• Given data
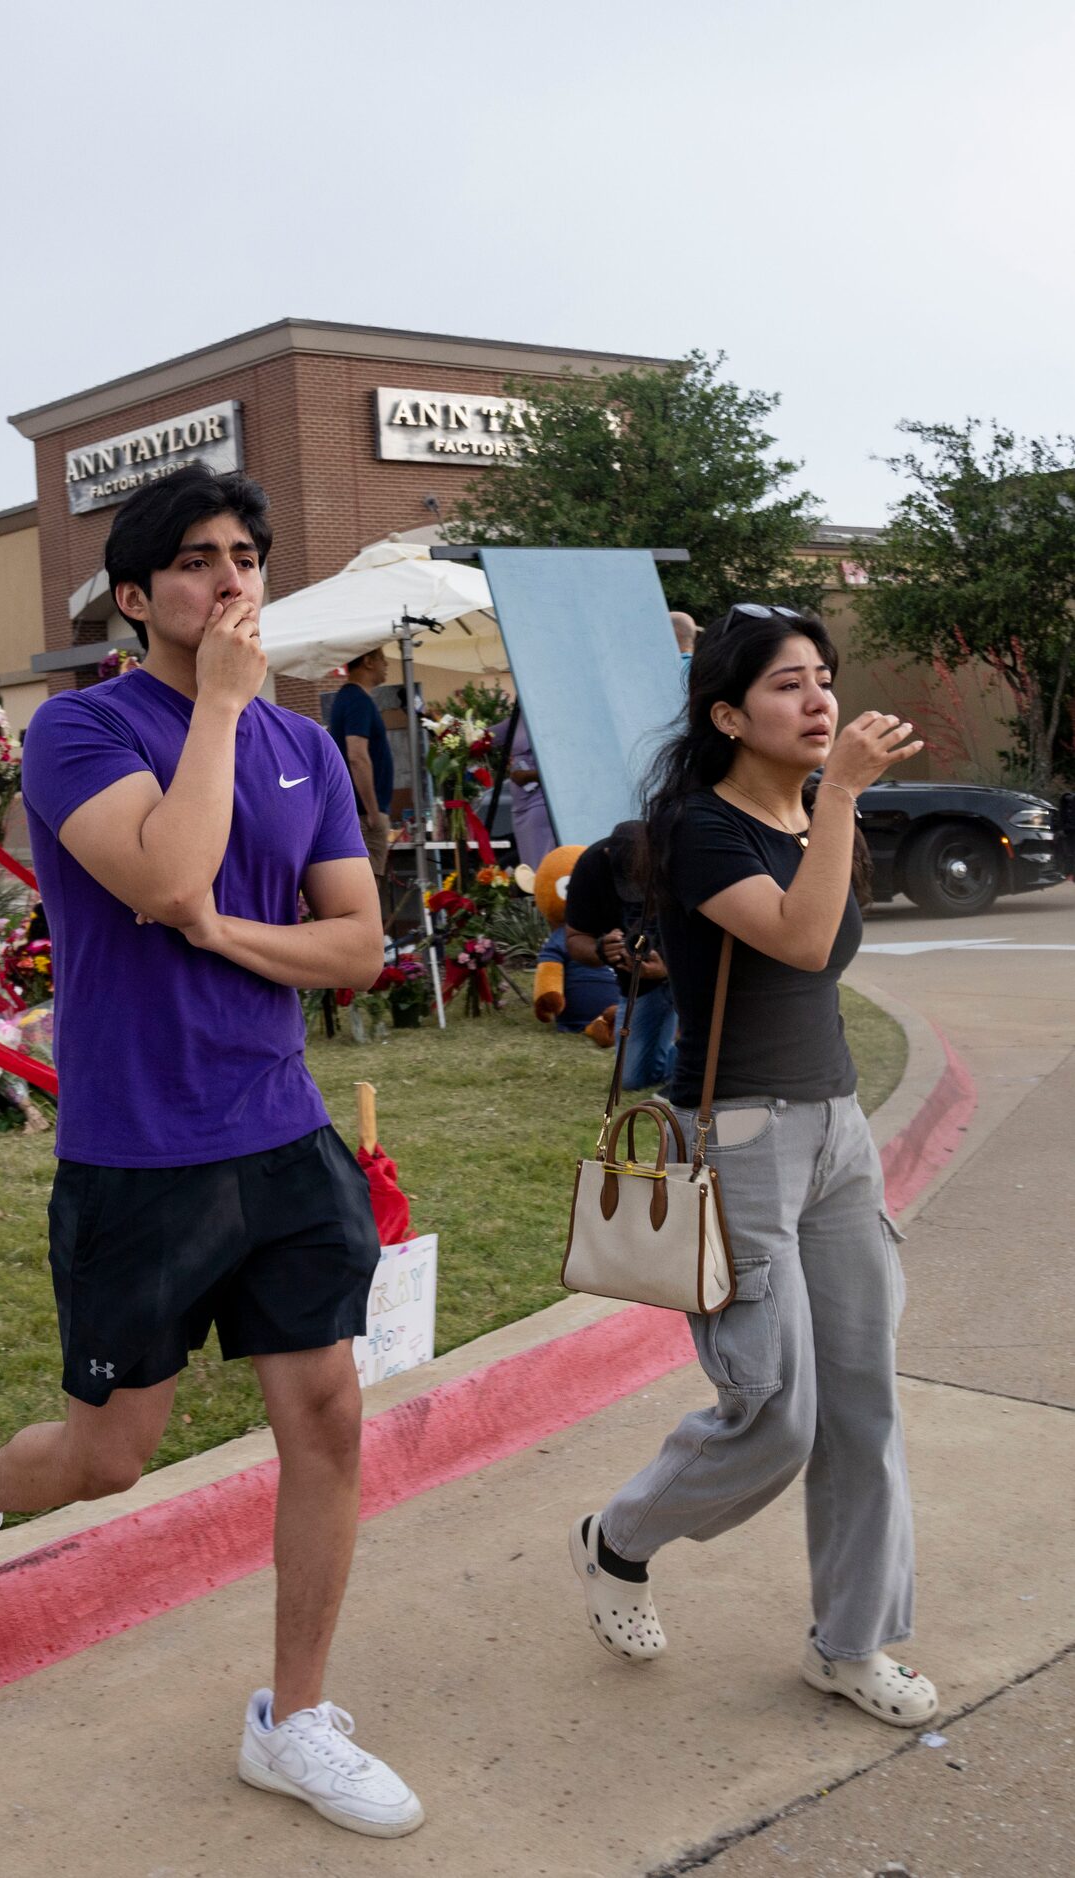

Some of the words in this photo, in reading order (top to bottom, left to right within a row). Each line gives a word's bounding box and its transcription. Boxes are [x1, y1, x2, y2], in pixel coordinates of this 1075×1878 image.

[393, 399, 471, 429] ANN
[65, 446, 116, 483] ANN
[122, 414, 223, 465] TAYLOR
[90, 471, 146, 498] FACTORY

• Exercise directions
Give all the records again, exactly, without images.

• Exercise answer
Some of the words in this photo, in reading order (top to bottom, left to right within a row). Each line gives a word's bounding box and its transcription. Boxes are [x1, y1, x2, y2], in pixel coordinates of this 1075×1878 image.

[393, 399, 471, 429] ANN
[65, 446, 116, 483] ANN
[122, 414, 223, 465] TAYLOR
[90, 471, 146, 498] FACTORY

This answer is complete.